With so little returning experience at defensive tackle, the door opens for three freshmen to earn immediate playing time. Kyree Campbell, Tedarrell Slaton and Elijah Conliffe all have the size and talent to take on the SEC as freshmen, but with so little experience, there are still so many unknowns. If these three stay healthy and make a quick transition to the college game, defensive tackle could become a position of strength by season’s end.

  1. Will an elite pass rusher emerge?

The Gators were fourth in the SEC last season with 31 sacks as a team, but things were pretty much distributed evenly across the board, which isn’t necessarily a bad thing, but no one stood out as an elite, get to the quarterback type of guy. Several showed the potential to be that guy last season and in the spring, and with another year under their belts, this could be the season for those players.

Jefferson, redshirt sophomore Jabari Zuniga and sophomore Antonneous Clayton are the obvious candidates heading into the 2017 season.

Zuniga started out last season on a mission, as he racked up five sacks in the first five games. Granted, four of those came against UMass and North Texas, but he was having one of the best seasons of any defensive player in the country at that point. While all of his sacks came in the first half of the season, he still led the team with five and while SEC play was not as kind to his sack numbers, he continued to get to the backfield and lead Florida with 11 quarterback hurries. He was only second to Caleb Brantley with 8.5 tackles for loss on the season.

Zuniga was tabbed as one of the biggest defensive standouts throughout the spring by head coach Jim McElwain, as he referred to him as a “dominant force” on the defensive line. Taking on a starting role in 2017 and playing his second season in the SEC should help him become the elite pass rusher Florida is looking for.

Jefferson and Clayton came in as the biggest names in their respective classes and are looking to live up to the hype this season.

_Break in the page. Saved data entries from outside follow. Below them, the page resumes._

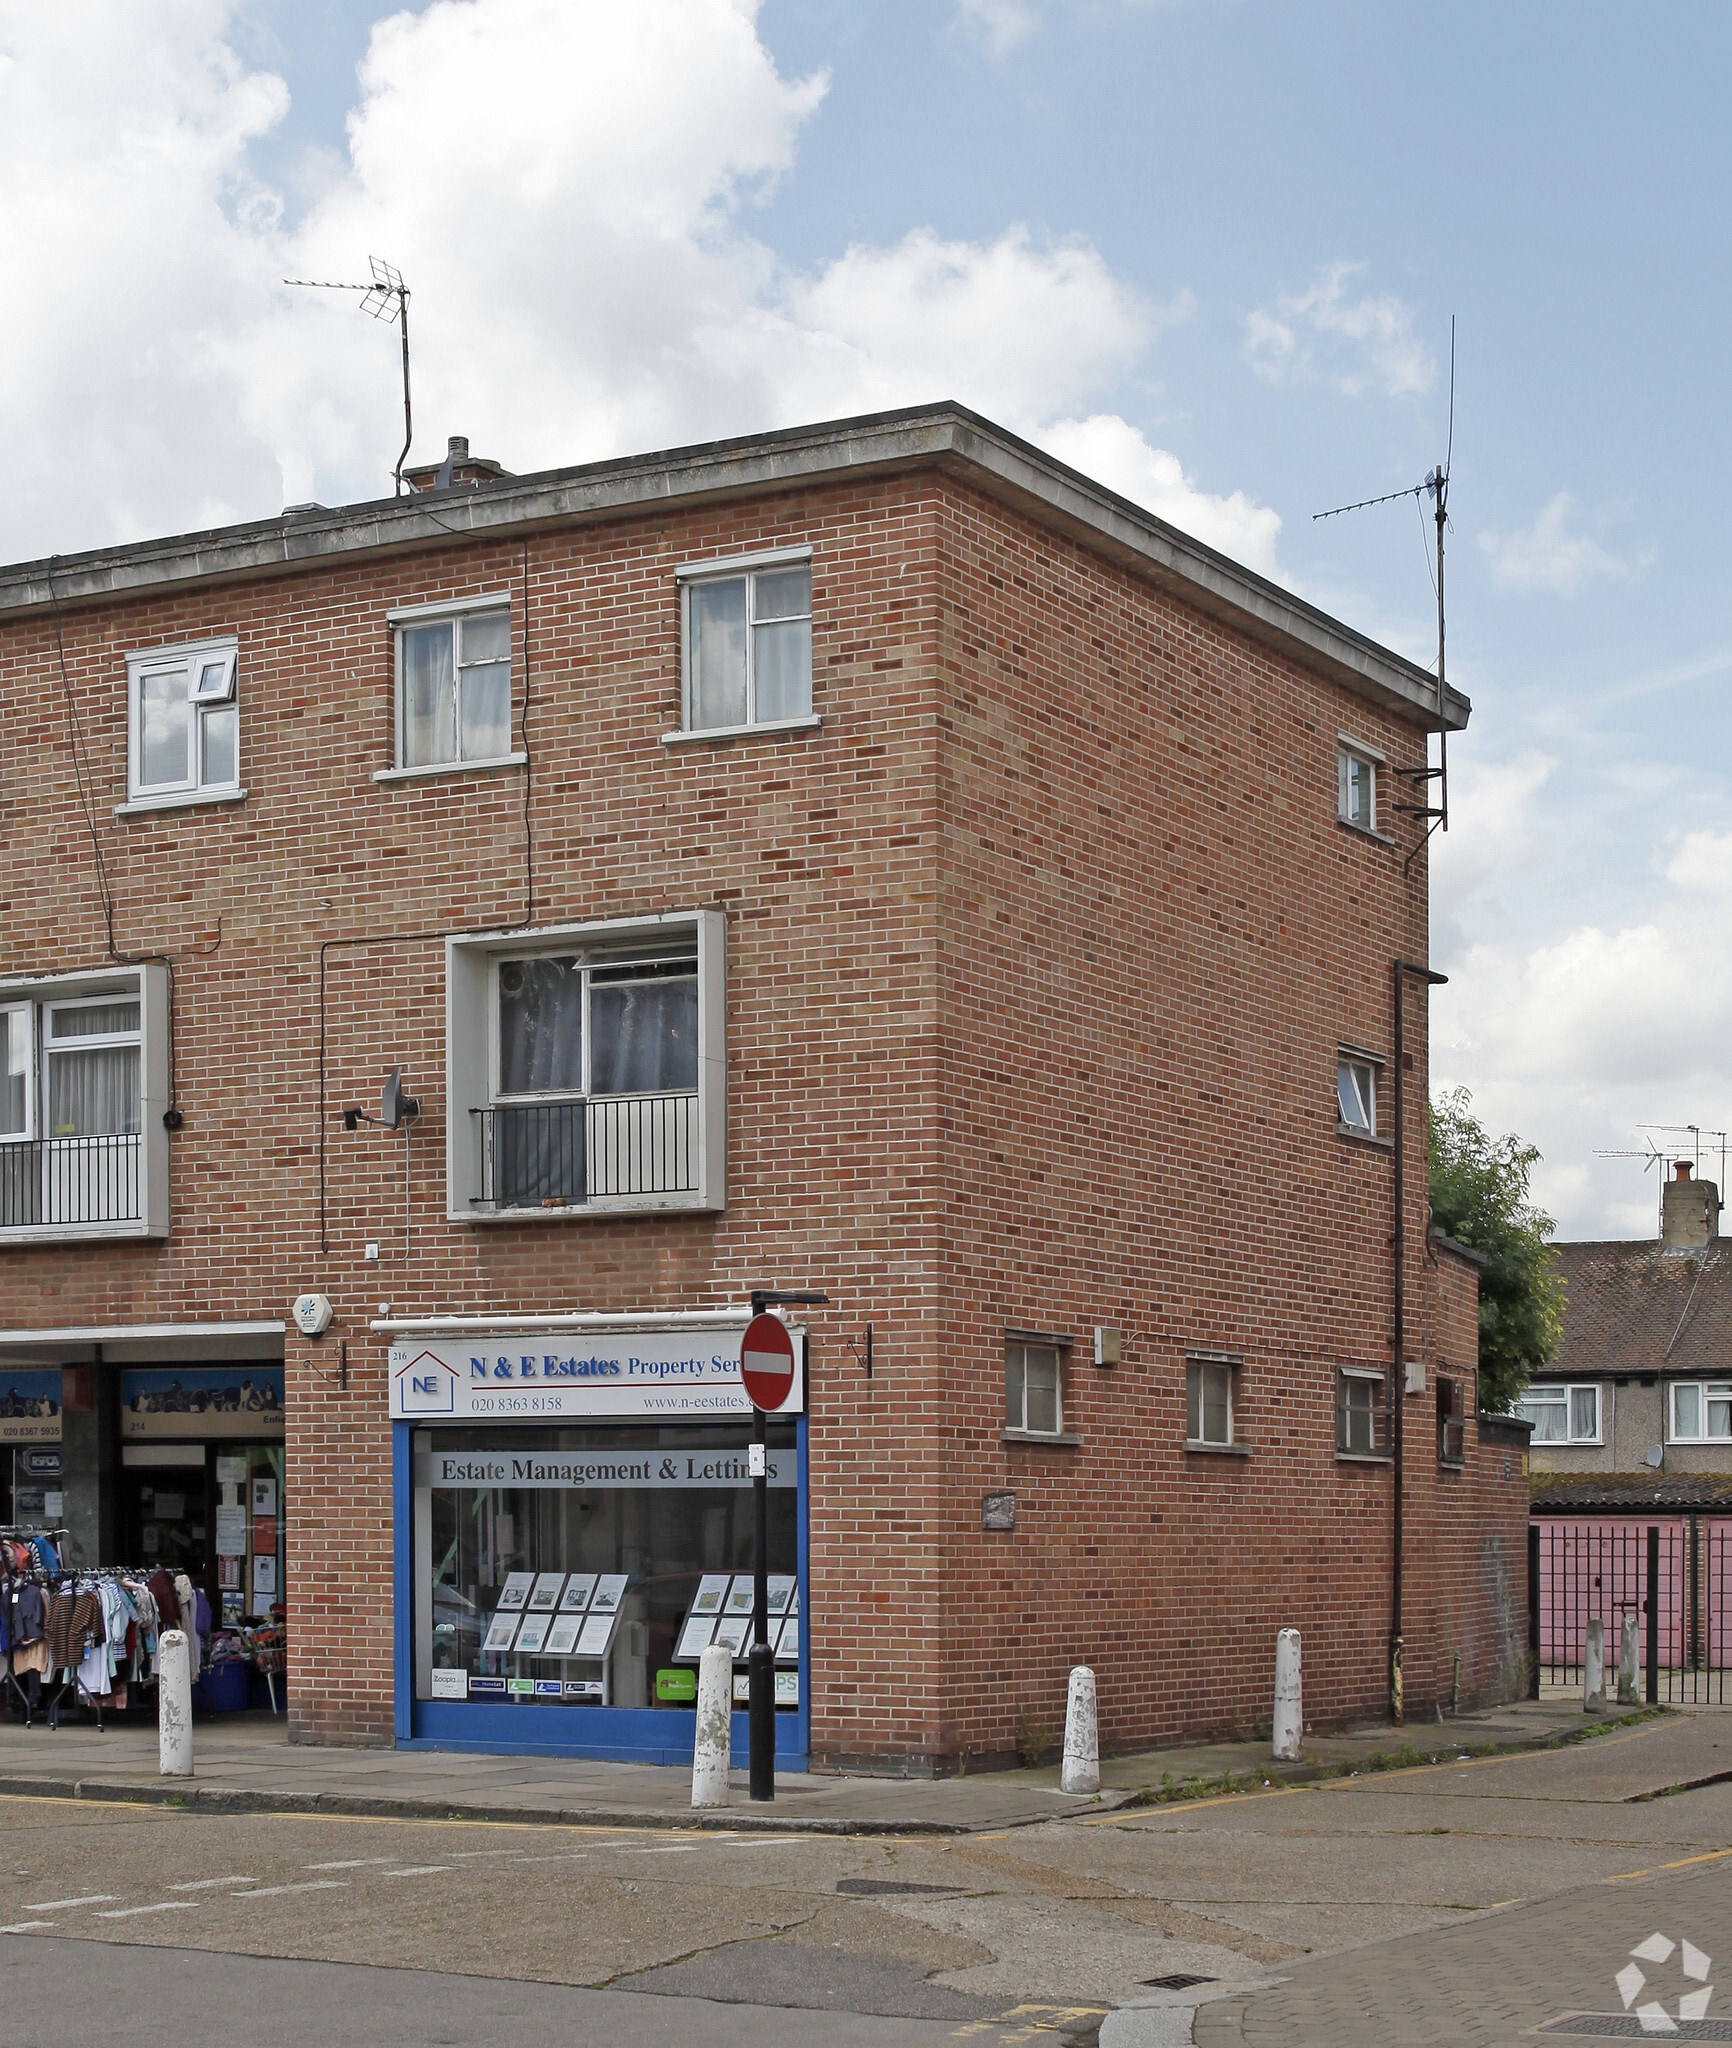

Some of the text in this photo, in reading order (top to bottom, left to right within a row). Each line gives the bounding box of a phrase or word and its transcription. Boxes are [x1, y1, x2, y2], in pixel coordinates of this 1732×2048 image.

[393, 1352, 407, 1361] 216
[469, 1355, 741, 1378] N & E Estates Property Ser
[412, 1376, 438, 1393] NE
[472, 1397, 562, 1411] 020 8363 8158
[644, 1396, 754, 1409] www.n-eestates.c
[263, 1415, 285, 1424] Enfie
[4, 1428, 18, 1436] 020
[41, 1427, 59, 1436] 5935
[131, 1423, 145, 1431] 214
[441, 1458, 778, 1485] Estate Management & Lettins

Jefferson had a good freshman season, totaling 28 tackles, with 8.5 for a loss and 3.5 sacks. With his first season under his belt, the former five-star recruit was expected to take off as a sophomore, but he remained around the same as he adjusted to his new role playing both defensive end and defensive tackle. He had 30 tackles, 6.5 tackles for loss and just 1.5 sacks in 2016.

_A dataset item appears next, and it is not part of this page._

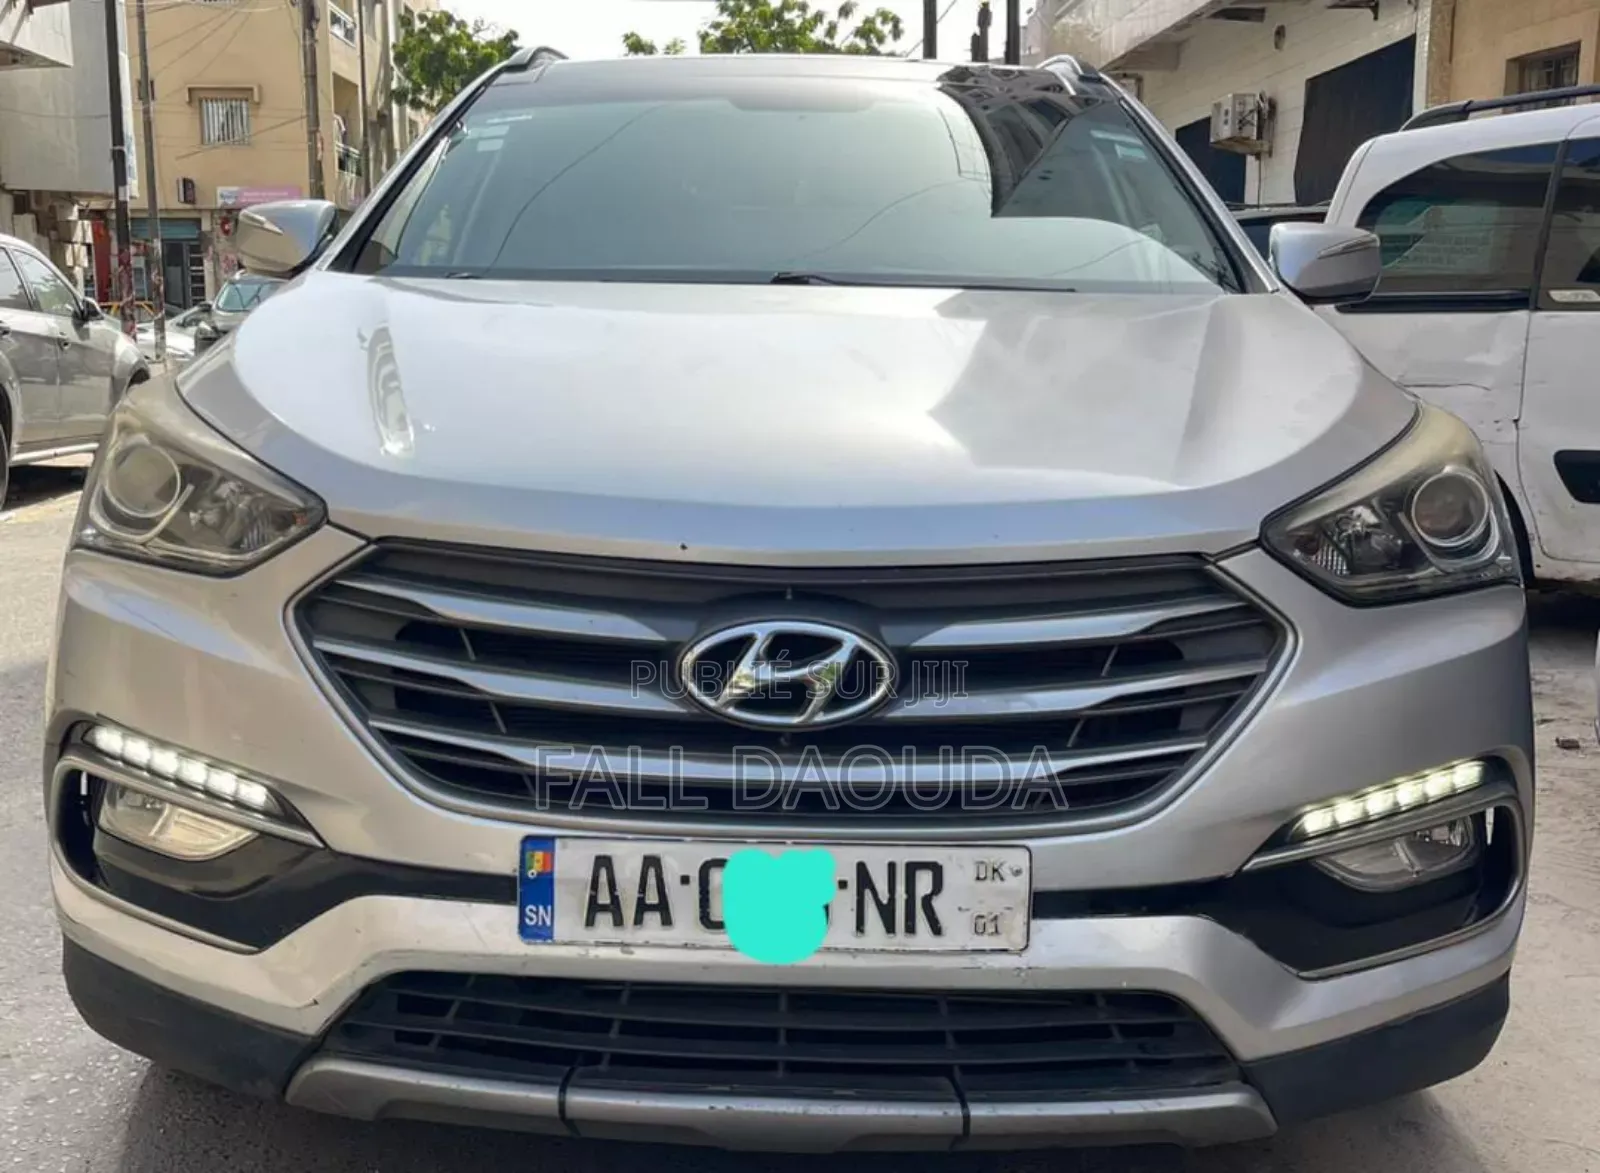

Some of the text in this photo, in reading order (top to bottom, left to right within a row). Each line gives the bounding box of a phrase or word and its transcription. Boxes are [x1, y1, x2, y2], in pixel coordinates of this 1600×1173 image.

[974, 860, 1007, 882] DK
[525, 903, 551, 926] SN
[974, 913, 1002, 936] 01

In the spring, Jefferson shed the weight he previously put on to play defensive tackle, so while he will still be needed inside at times this season, his focus should shift back to the outside where he is obviously more comfortable and fit for. With that, this season will be his time to prove himself as the player he was expected to be.

Clayton, on the other hand, had a bit of a disappointing start to his career after coming in undersized and nearly redshirting before playing in just five games over the last half of the season due to amounting injuries on defense. He had three tackles and three quarterback hurries in his freshman season.

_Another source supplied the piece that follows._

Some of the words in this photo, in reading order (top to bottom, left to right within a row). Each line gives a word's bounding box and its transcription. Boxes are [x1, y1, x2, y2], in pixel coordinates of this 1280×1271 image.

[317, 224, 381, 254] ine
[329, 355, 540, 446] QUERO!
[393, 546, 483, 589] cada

Now, he has bulked up his frame and gotten more comfortable in the defense, which made him a force in the spring. He led all of Florida’s defenders with five total tackles in the spring game, putting up four of them against the first-team offense. He was also one of three players to record a sack in the game, and could’ve easily had a couple more had it not been for spring game rules. Clayton is out to prove himself this season, and yes, opposing quarterbacks should be worried.

Along with those guys, Polite, junior Keivonnis Davis and redshirt senior Jordan Sherit will be in the mix at end as well. With so much pass rushing talent, there is no reason the Gators shouldn’t get to the quarterback early and often this season.